File Input Format Counters
Bytes Read=417
File Output Format Counters
Bytes Written=191
6 dfs.audit.logger
4 dfs.class
3 dfs.server.namenode.
2 dfs.period
2 dfs.audit.log.maxfilesize
2 dfs.audit.log.maxbackupindex
1 dfsmetrics.log
1 dfsadmin
1 dfs.servers
1 dfs.file
$
2 - Testing Full Distributed Mode
You can find the configuration files here
Boot2Docker Issue If you are using boot2docker on OSX, remember to restart docker-machine: docker-machine restart [YOUR_MACHINE_NAME]
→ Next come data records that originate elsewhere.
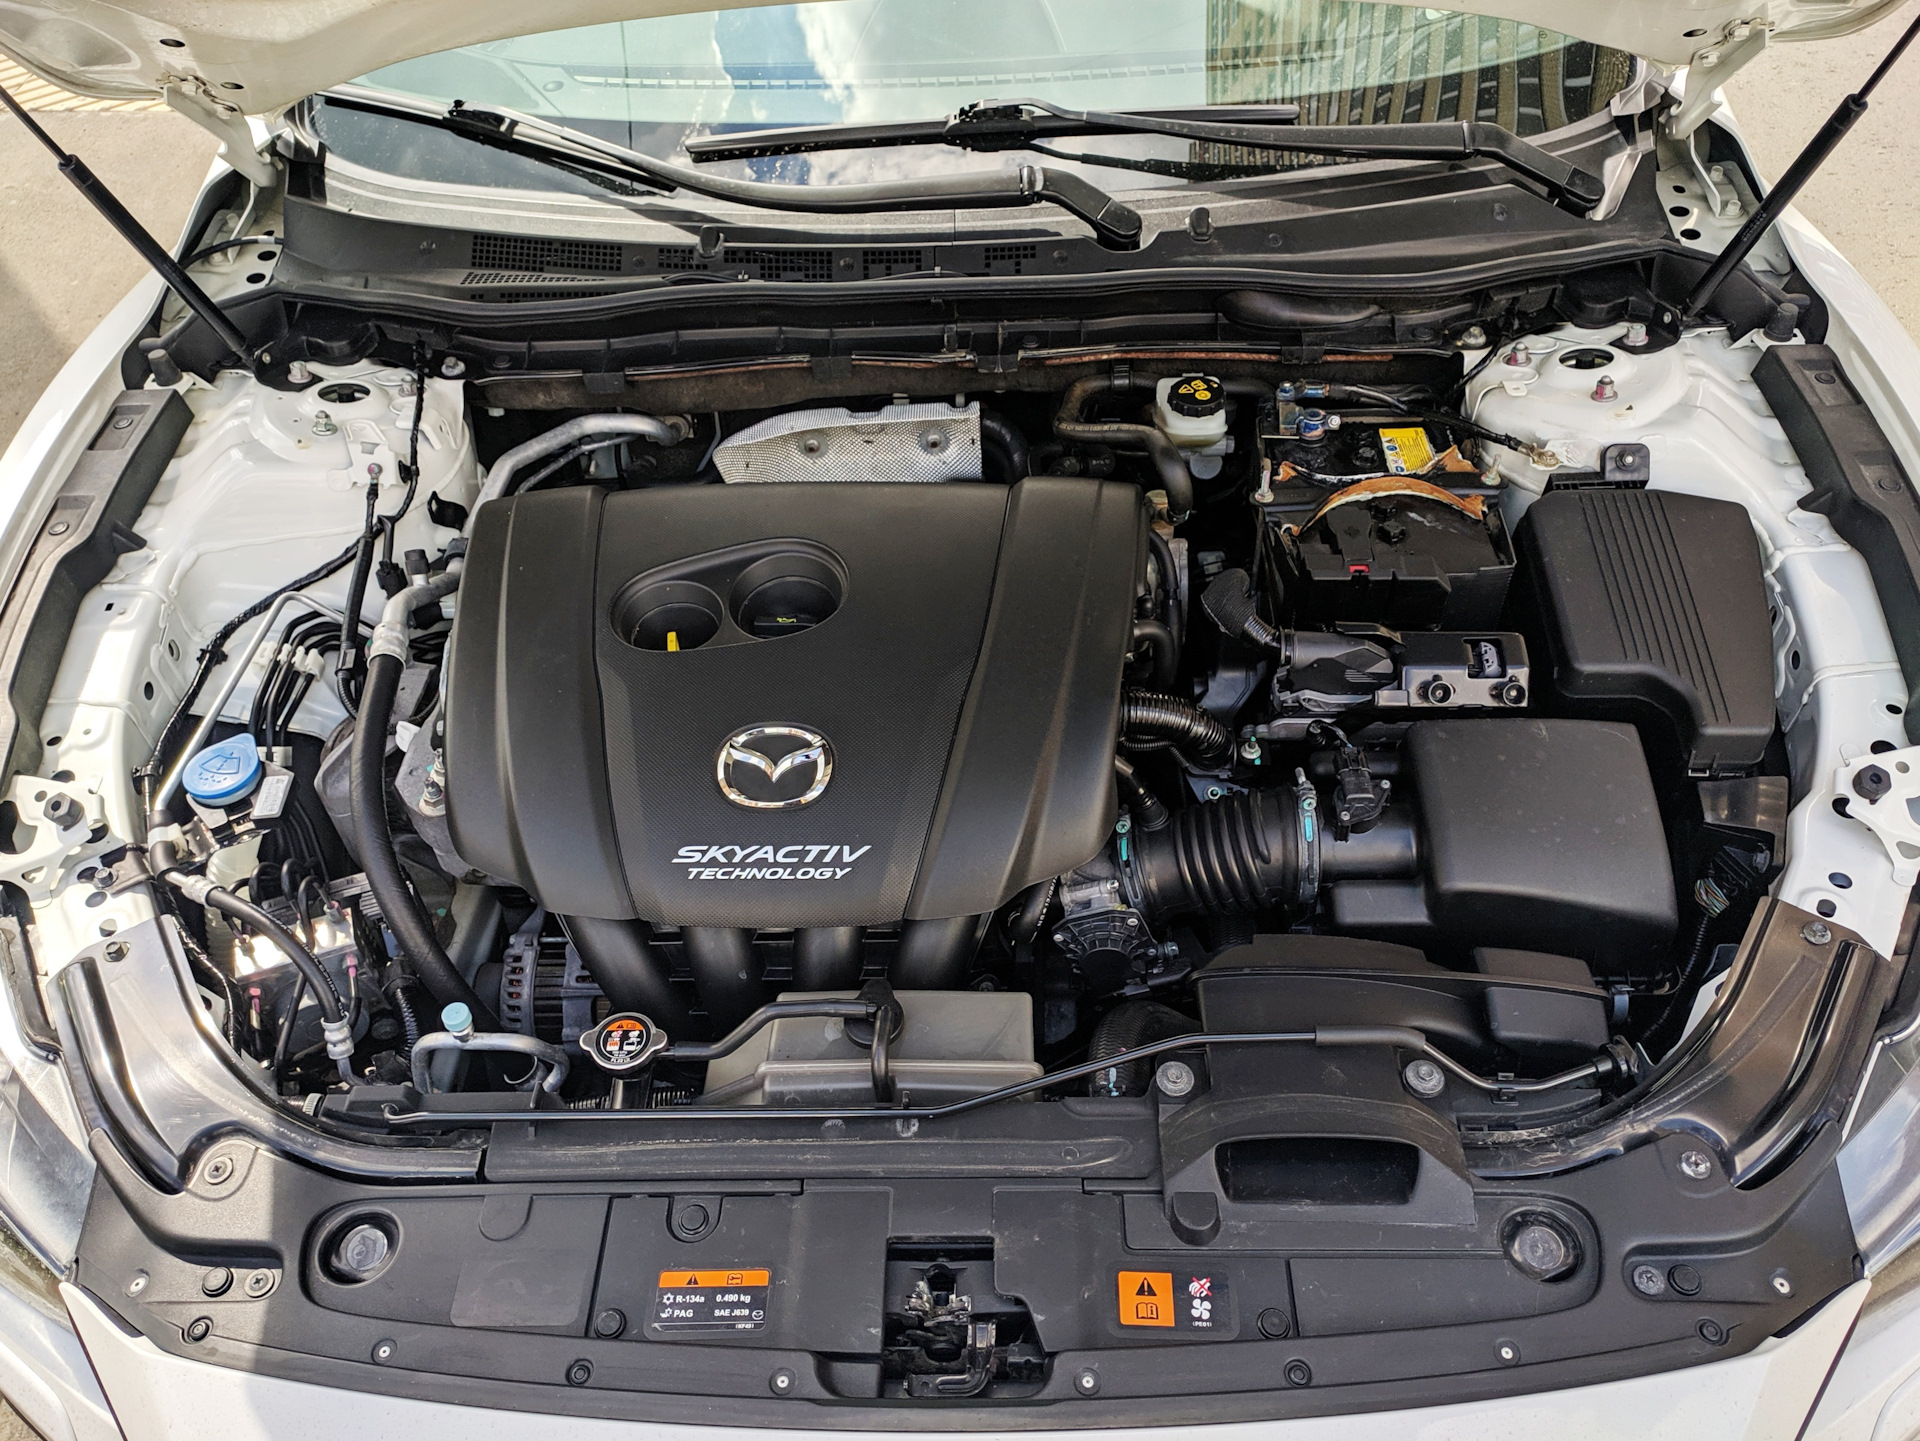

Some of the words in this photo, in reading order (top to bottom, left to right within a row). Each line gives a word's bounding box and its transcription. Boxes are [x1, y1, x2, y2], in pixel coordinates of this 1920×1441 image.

[671, 845, 872, 863] SKYACTIV
[687, 867, 852, 880] TECHNOLOGY
[675, 1294, 705, 1303] R-134a
[715, 1294, 739, 1303] 0.490
[739, 1293, 751, 1304] kg
[673, 1309, 694, 1318] PAG
[713, 1309, 731, 1317] SAE
[731, 1308, 750, 1316] J639
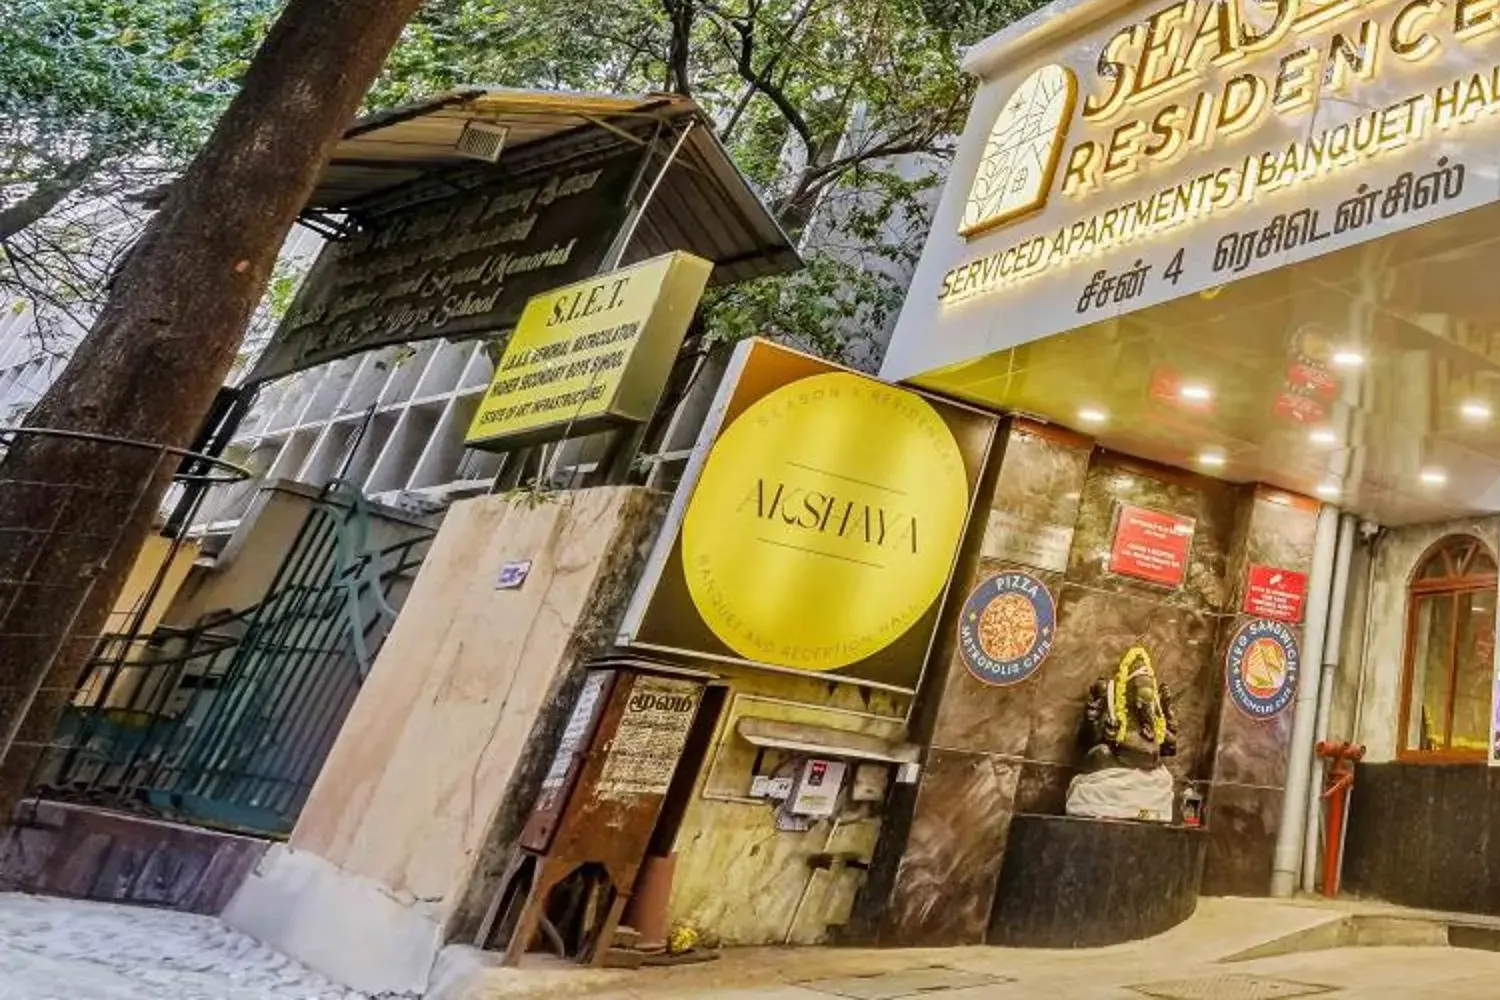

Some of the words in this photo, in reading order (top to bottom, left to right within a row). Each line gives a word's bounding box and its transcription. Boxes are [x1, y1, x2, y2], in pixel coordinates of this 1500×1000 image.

each time before you set up this cluster. Because there is a problem inside VirtualBox’s network which cause IP <-> hostname mapping error and you could get the wrong namenode_IP in datanode container.
2.1 run master node
# make a multi-host network: "netshared"
$ docker network create --subnet=172.99.0.1/16 --gateway=172.99.0.1 netshared
# Start the master name node with YARN
$ docker run -d --name hd-master-1 --hostname hd-master-1 \
-p 10022:22 -p 50070:50070 -p 8088:8088 \
--net=netshared \
-v $(pwd)/conf/mode_full:/opt/hadoop/etc/hadoop \
larrysu1115/hadoop
# Format the HDFS on namenode
$ docker exec hd-master-1 hdfs namenode -format
# Check the creation of HDFS files
$ docker exec hd-master-1 ls -alh /opt/hdfs/namenode/current
# Start Namenode & YARN Resource Manager
$ docker exec hd-master-1 hadoop-daemon.sh start namenode
$ docker exec hd-master-1 yarn-daemon.sh start resourcemanager
# Check the services are running
$ docker exec hd-master-1 jps
Visit the 50070 (DFS) & 8088 (YARN) ports on your Docker Host, the UI shows current hadoop cluster running with only 1 namenode.
2.2 Add slave nodes
docker run -d --name hd-slave-1 --hostname hd-slave-1 \
-v $(pwd)/conf/mode_full:/opt/hadoop/etc/hadoop \
--net=netshared \
larrysu1115/hadoop
# testing hd-master-1 and hd-slave-1 can connect each other
$ docker exec hd-master-1 ping hd-slave-1
$ docker exec hd-slave-1 ping hd-master-1
$ docker exec -it hd-master-1 ssh hd-slave-1
$ docker exec -it hd-slave-1 ssh hd-master-1
# start slave's services
$ docker exec hd-slave-1 hadoop-daemon.sh start datanode
$ docker exec hd-slave-2 yarn-daemon.sh start nodemanager
$ docker exec hd-slave-1 jps
$ docker logs hd-slave-1
$ docker exec hd-master-1 tail -n 100 /opt/hadoop/logs/hadoop--namenode-hd-master-1.out
# if you found error message like : "Datanode denied communication with namenode because hostname cannot be resolved (ip=172.99.0.1, hostname=172.99.0.1)..."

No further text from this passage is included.